| TASK TO CARRY OUT |
Each record is to be printed again exactly, though not its pictures.

| SOURCE INFORMATION |
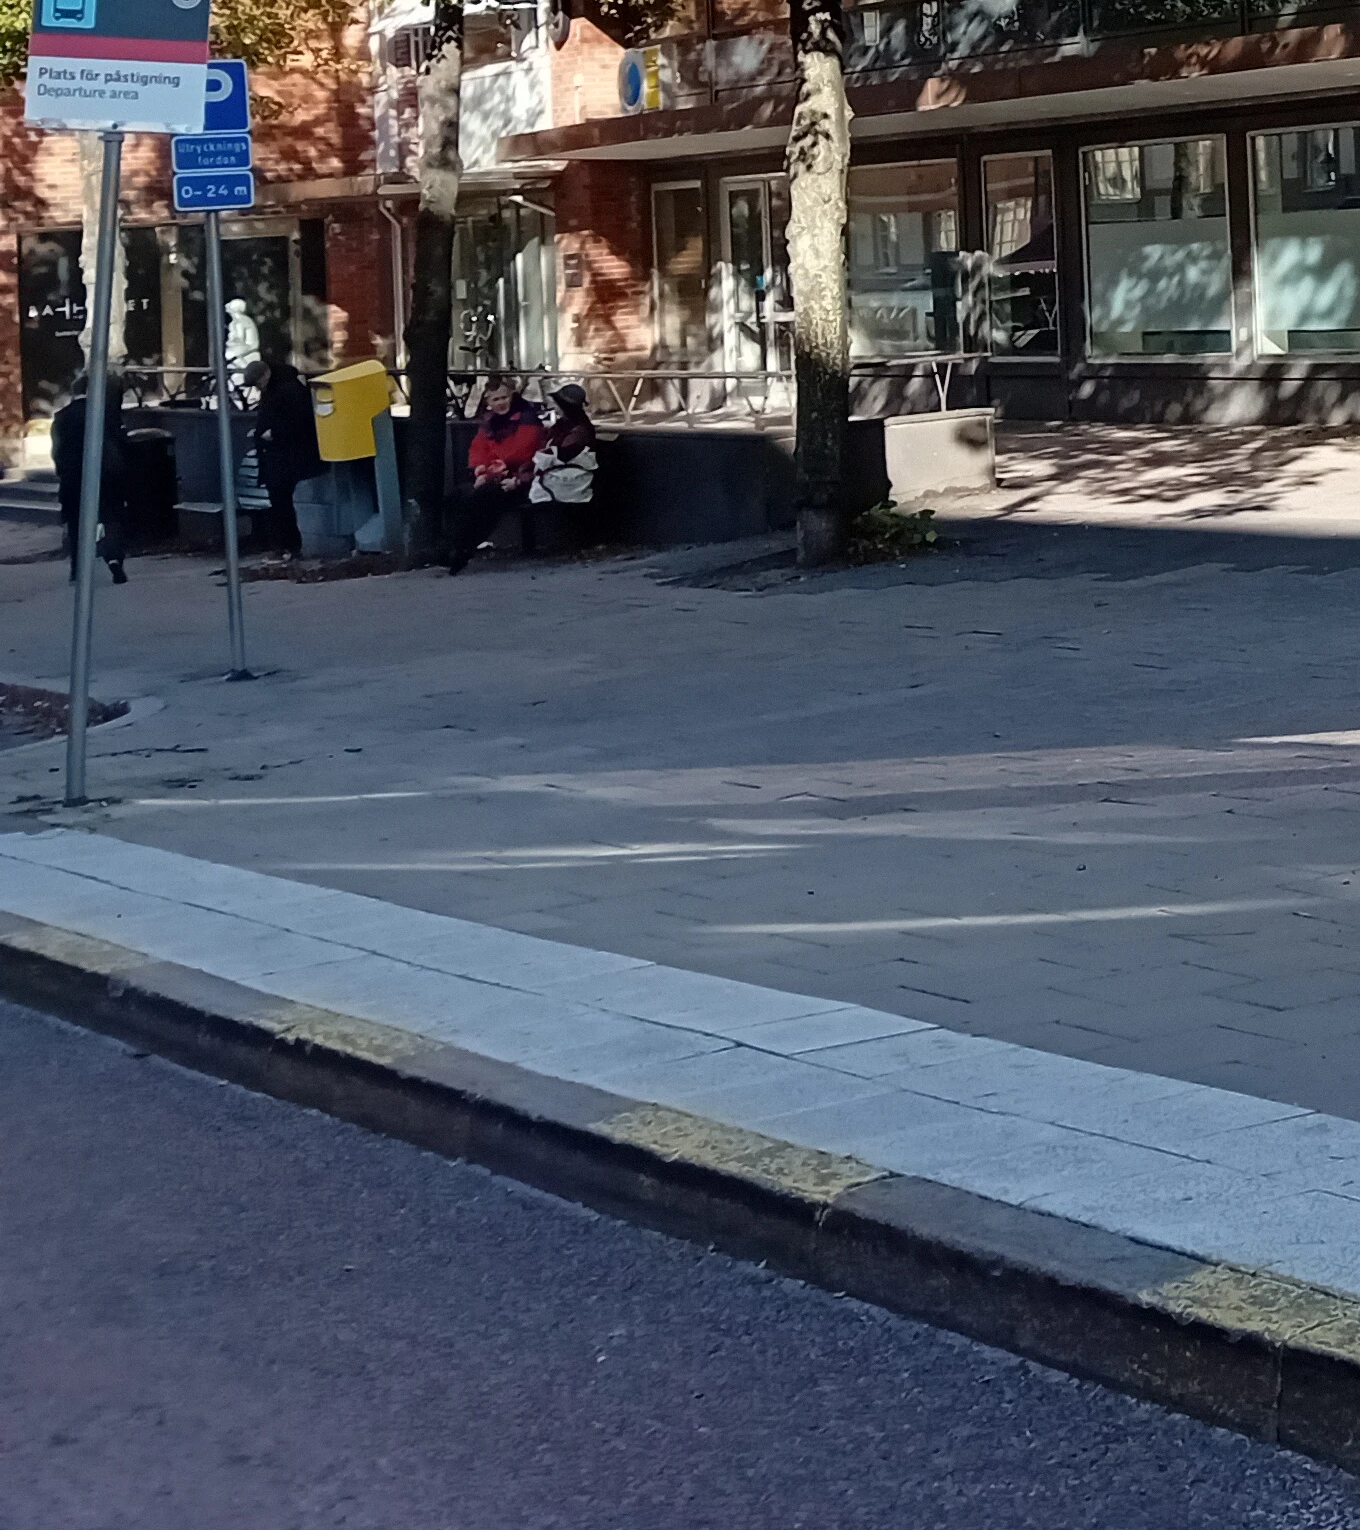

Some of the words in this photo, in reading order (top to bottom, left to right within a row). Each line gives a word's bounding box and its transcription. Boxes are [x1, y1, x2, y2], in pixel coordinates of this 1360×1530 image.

[38, 66, 76, 81] Plats
[80, 69, 101, 82] för
[104, 70, 182, 88] påstigning
[37, 83, 107, 99] Departure
[108, 88, 140, 101] area
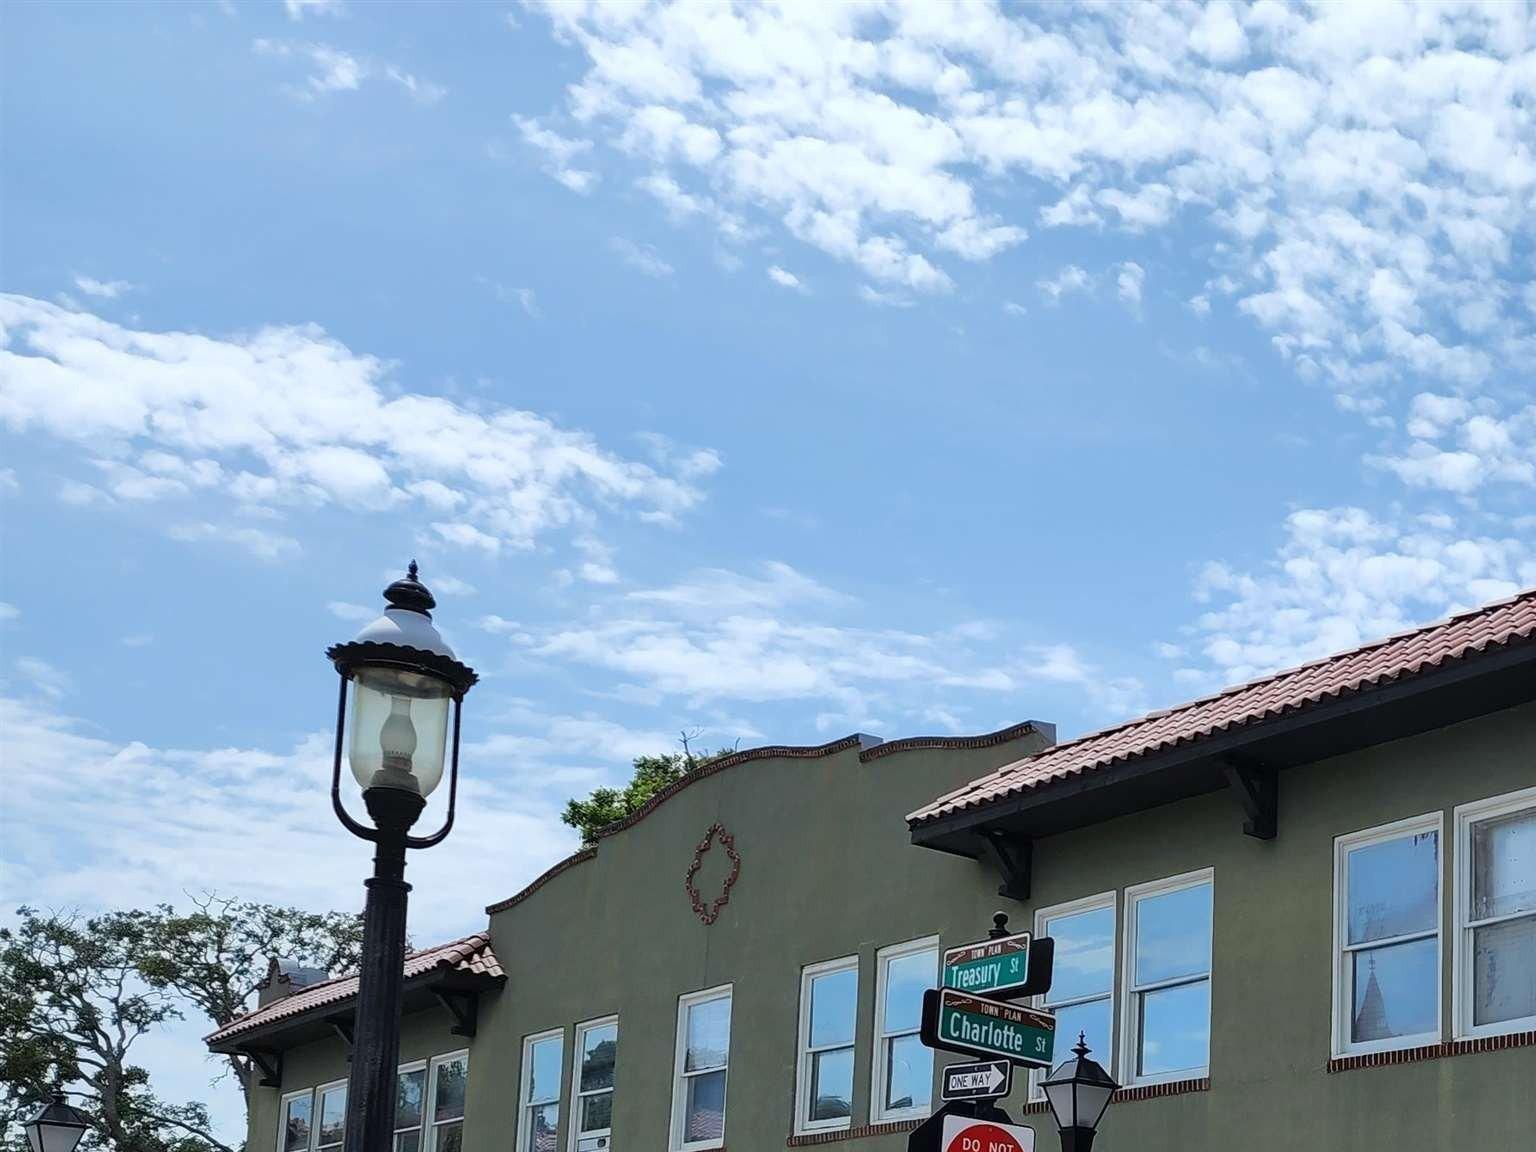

| RESPONSE |
Some of the words in this photo, in reading order (top to bottom, left to right within a row). Each line gives a word's bounding box and its transcription. Boxes are [x1, y1, x2, y2], in pixel coordinates of this 1360×1530 image.

[38, 66, 76, 81] Plats
[80, 69, 101, 82] för
[104, 70, 182, 88] påstigning
[37, 83, 107, 99] Departure
[108, 88, 140, 101] area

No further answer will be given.